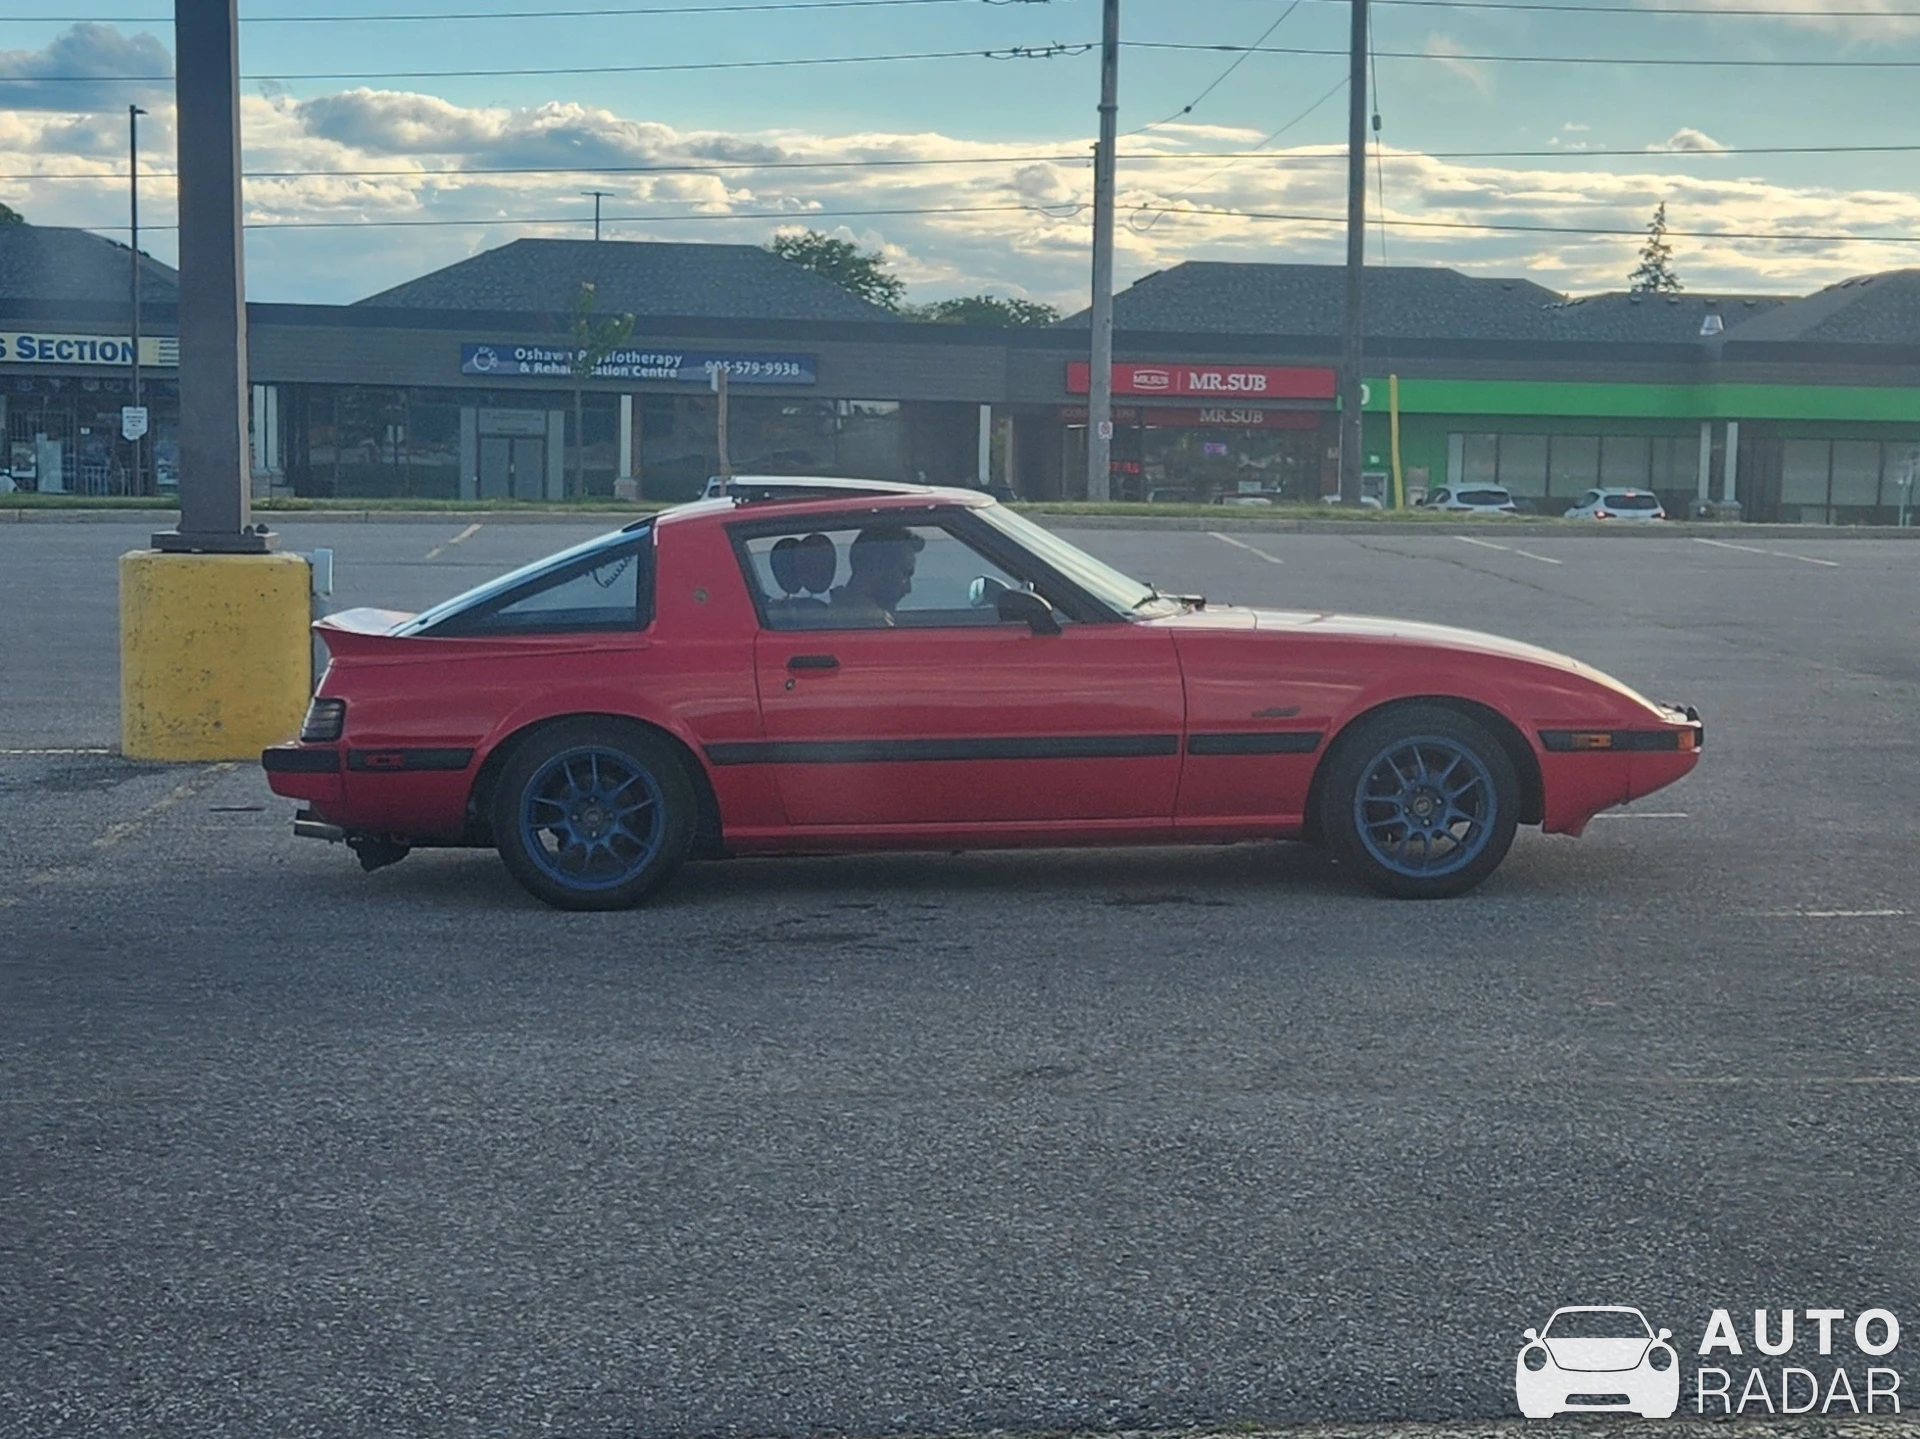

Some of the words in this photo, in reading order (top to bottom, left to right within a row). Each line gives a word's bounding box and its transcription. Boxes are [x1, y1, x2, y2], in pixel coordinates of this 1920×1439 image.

[16, 336, 135, 362] SECTION
[578, 350, 682, 369] Psiotherapy
[704, 360, 800, 376] 905-579-9938
[520, 361, 530, 374] &
[534, 362, 628, 376] Rehaation
[632, 365, 677, 378] Centre
[1133, 374, 1169, 385] MR.SUB
[1189, 372, 1267, 391] MR.SUB
[1200, 409, 1264, 424] MR.SUB
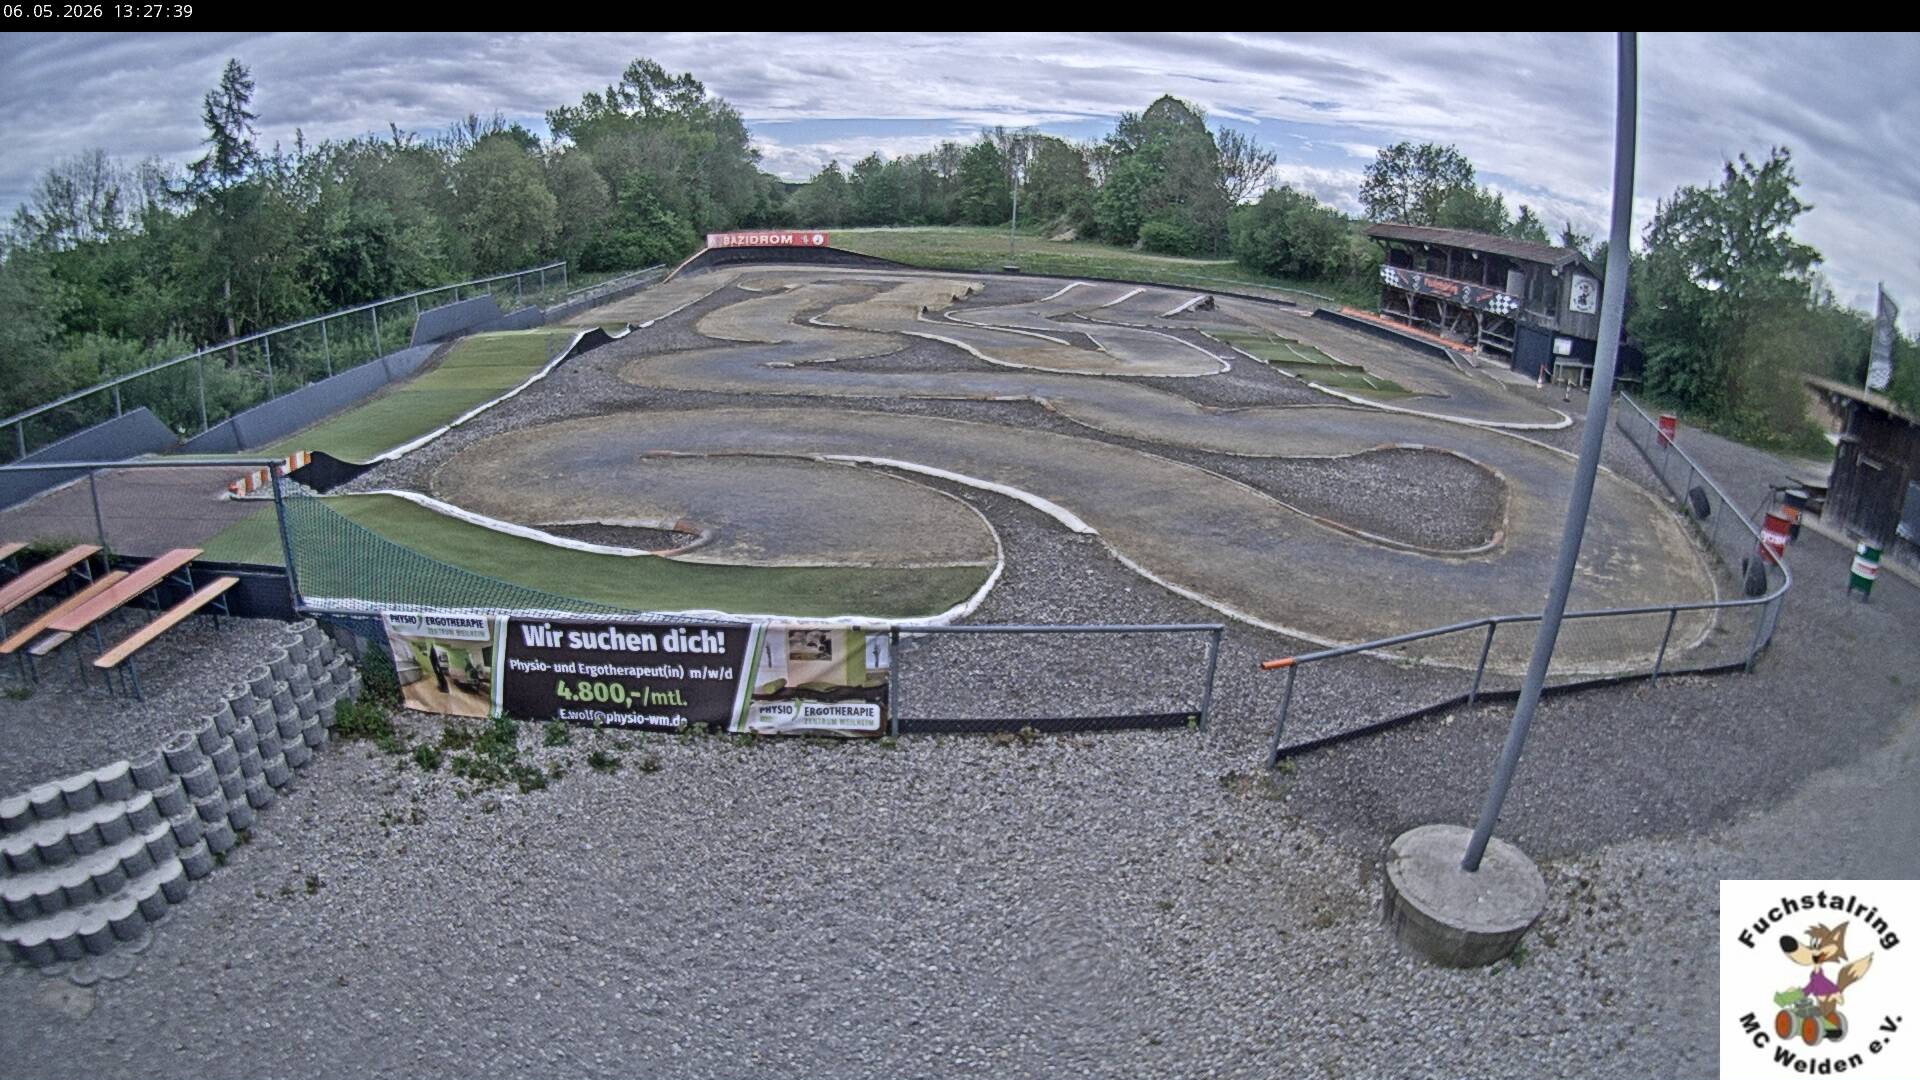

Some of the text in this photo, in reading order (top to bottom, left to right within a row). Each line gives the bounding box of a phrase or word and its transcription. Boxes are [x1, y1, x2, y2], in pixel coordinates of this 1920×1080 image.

[723, 234, 793, 246] BAZIDROM
[389, 613, 484, 629] PHYSIO ERGOTHERAPIE
[521, 623, 726, 654] Wir suchen dich!
[509, 658, 734, 680] Physio- und Ergotherapeut(in) m/w/d
[759, 705, 875, 718] PHYSIO ERGOTHERAPIE

+ + +

Give the data again exactly, without pictures.

Some of the words in this photo, in reading order (top to bottom, left to right within a row). Each line gives a word's bounding box and its transcription. Boxes are [x1, y1, x2, y2], in pixel coordinates of this 1920×1439 image.

[16, 336, 135, 362] SECTION
[578, 350, 682, 369] Psiotherapy
[704, 360, 800, 376] 905-579-9938
[520, 361, 530, 374] &
[534, 362, 628, 376] Rehaation
[632, 365, 677, 378] Centre
[1133, 374, 1169, 385] MR.SUB
[1189, 372, 1267, 391] MR.SUB
[1200, 409, 1264, 424] MR.SUB

Some of the text in this photo, in reading order (top to bottom, left to right within a row). Each line gives the bounding box of a phrase or word and its transcription. Boxes are [x1, y1, x2, y2], in pixel coordinates of this 1920×1080 image.

[723, 234, 793, 246] BAZIDROM
[389, 613, 484, 629] PHYSIO ERGOTHERAPIE
[521, 623, 726, 654] Wir suchen dich!
[509, 658, 734, 680] Physio- und Ergotherapeut(in) m/w/d
[759, 705, 875, 718] PHYSIO ERGOTHERAPIE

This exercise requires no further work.